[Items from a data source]
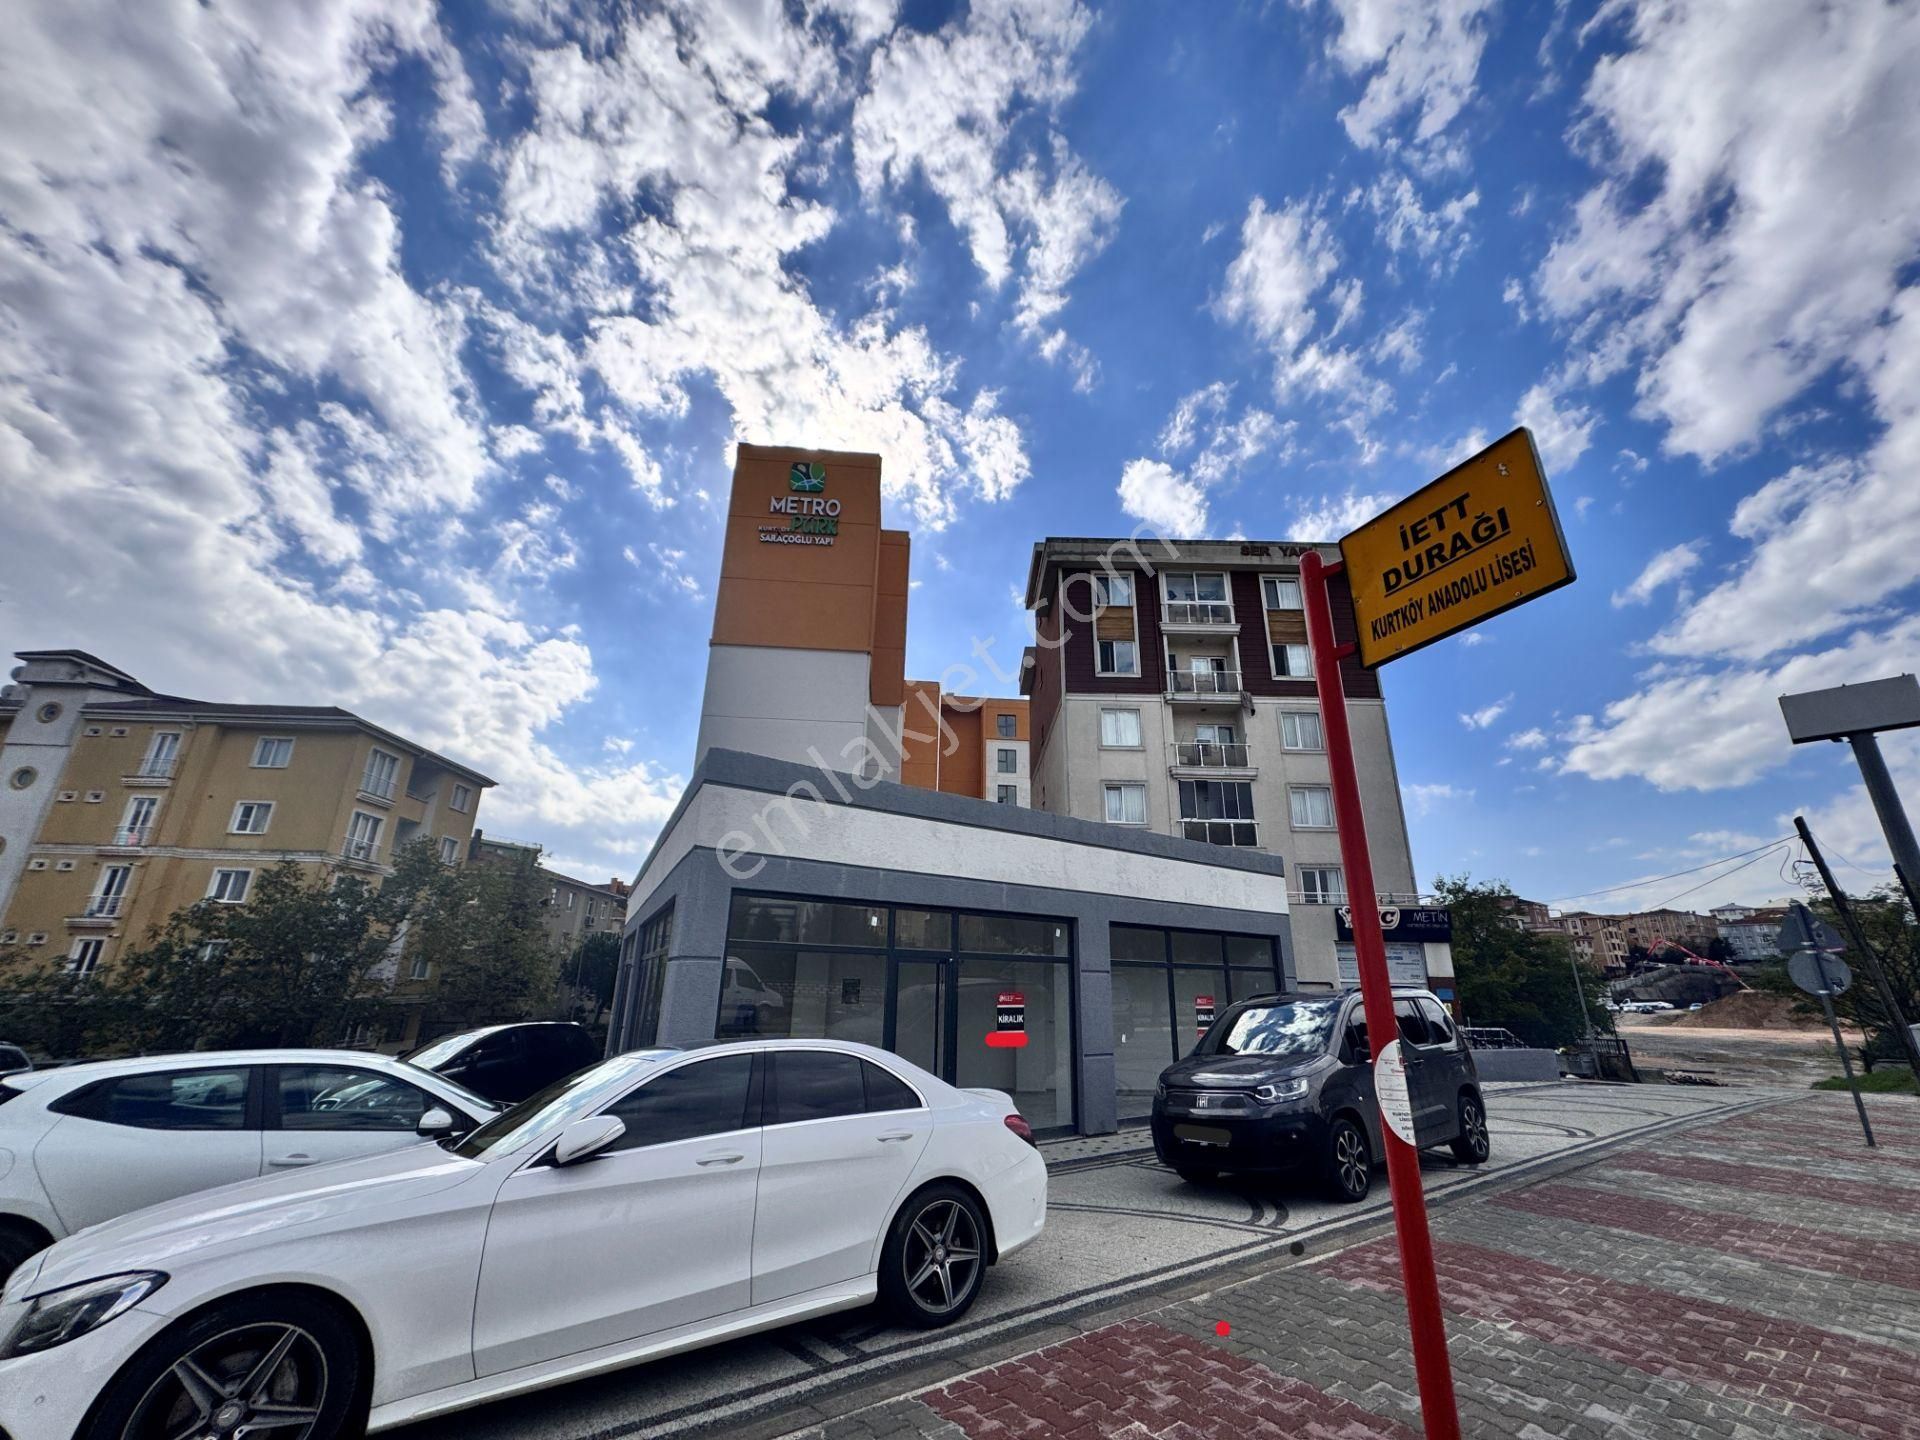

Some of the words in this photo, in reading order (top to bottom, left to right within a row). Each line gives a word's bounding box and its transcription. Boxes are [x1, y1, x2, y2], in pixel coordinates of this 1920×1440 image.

[770, 496, 841, 516] METRO
[1400, 492, 1471, 552] İETT
[815, 537, 833, 545] YAPI
[1382, 507, 1511, 593] DURAĞI
[1371, 597, 1424, 642] KURTKÖY
[1429, 567, 1488, 616] ANADOLU
[1488, 538, 1537, 587] LİSESİ
[998, 1014, 1024, 1023] KİRALIK

EXERCISE ▸ If an entry holds a picture, leave the picture out and repeat the rest exactly.

TASK ANSWER ▸
Some of the words in this photo, in reading order (top to bottom, left to right within a row). Each line gives a word's bounding box and its transcription. Boxes are [x1, y1, x2, y2], in pixel coordinates of this 1920×1440 image.

[770, 496, 841, 516] METRO
[1400, 492, 1471, 552] İETT
[815, 537, 833, 545] YAPI
[1382, 507, 1511, 593] DURAĞI
[1371, 597, 1424, 642] KURTKÖY
[1429, 567, 1488, 616] ANADOLU
[1488, 538, 1537, 587] LİSESİ
[998, 1014, 1024, 1023] KİRALIK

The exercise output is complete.